Monday, August 27, 2007

Final Thoughts - Using Common Sense on Cruises

This is basically where I vent about things that really annoyed me on the cruise. I'm trying to be funny about this, and a bit snarky's the only way I can blow off steam. But some of this advice is good for travel in general, not just for cruises. What this boils down to is - have respect and consideration for your fellow passengers/travelers. It's not all about you. Respectful and considerate people seemed to be few and far between on this trip, and I'm just trying to be honest here. I don't want to give the impression that cruises are absolutely fabulous and relaxing and wonderful. They are also very stressful a lot of the time.

Some people really love cruising. I don't believe I'll ever be one of those people. I'm glad we had the experience, though...and I'm not at all sorry we did it. I would consider taking a cruise again under different circumstances.

So, without further ado:

* For the love of all that is holy, DO NOT WEAR A SPEEDO! The only exception to this is if you are an Olympic swimmer or diver. Our eyes do not need to be assailed by the site of your saggy, furry 70-year-old body stuffed in a plum smuggler (Lance's phraseology, not mine). And to the guy who had his t-shirt tucked into his Speedo…well, great hopping horny toads! You are NOT all that and a bag of chips. None of you are Adonis, so please wear something sensible to the pool. There is such a thing as swim trunks, and I imagine they are probably more comfortable.

* If flash photography is not allowed, PLEASE LEARN HOW TO TURN OFF YOUR CAMERA'S FLASH! If you do not know how to do this, you have no business owning a camera. If you have a camera where that isn't possible, don't take pictures. There is a reason why flash is not permitted, and there are no exceptions to this rule. Do you want to be partly responsible for ruining some of the world's great art?
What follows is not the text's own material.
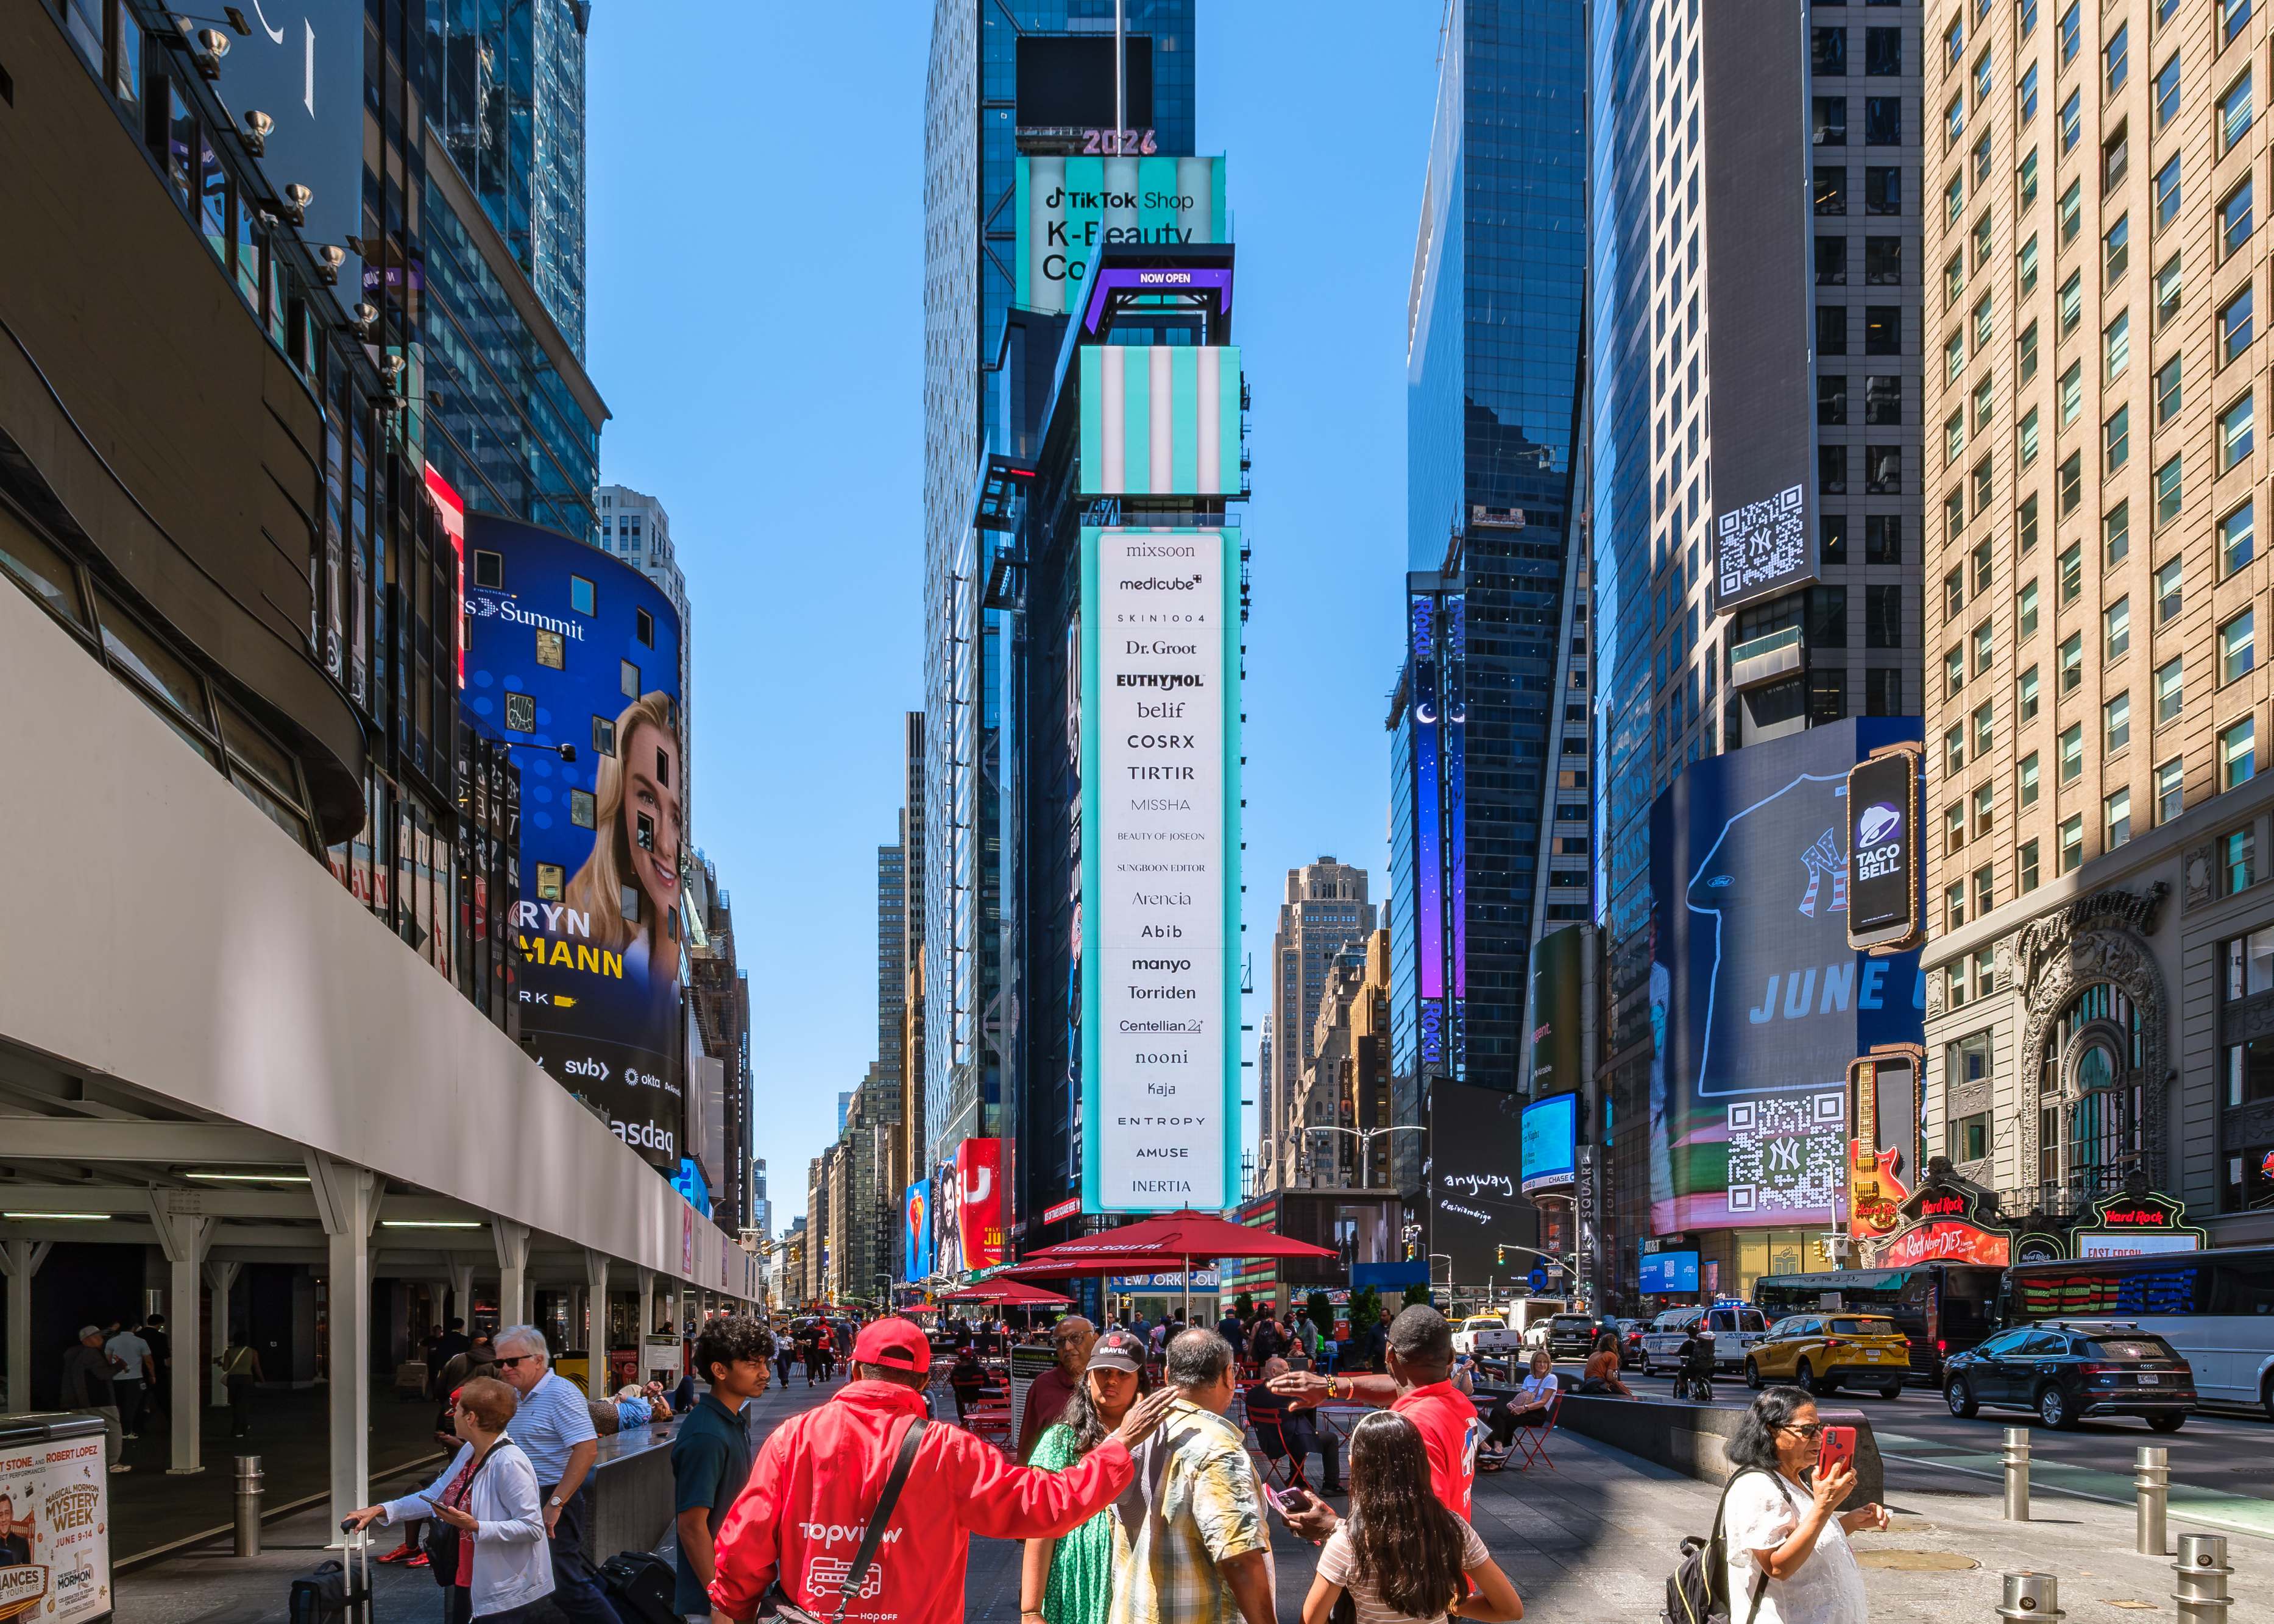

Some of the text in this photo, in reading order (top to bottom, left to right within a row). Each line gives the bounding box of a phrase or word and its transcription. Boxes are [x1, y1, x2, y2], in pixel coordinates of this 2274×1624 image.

By the way, flash photography isn't even necessary in many cases (and ruins photos sometimes)…for most of the cruise, I didn't even have the flash turned on, and most of my pictures turned out just fine.

* If 300 people are trying to photograph the same thing at the same time, it is incredibly rude to jump up next to the famous landmark to have your picture taken with it (especially if you give the camera to a person who has no clue how to operate one, and spends 5 minutes trying to set up the shot). 299 people do not want a picture of you, and we don't really have time to wait, given the way we are rushed through the various sights. You don't have to be in EVERY picture to prove that you were there. (You will notice that I'm in very few of the cruise photos - and Lance in even fewer - and when I am actually posing with something, it's because nobody else was trying to photograph it at the time.)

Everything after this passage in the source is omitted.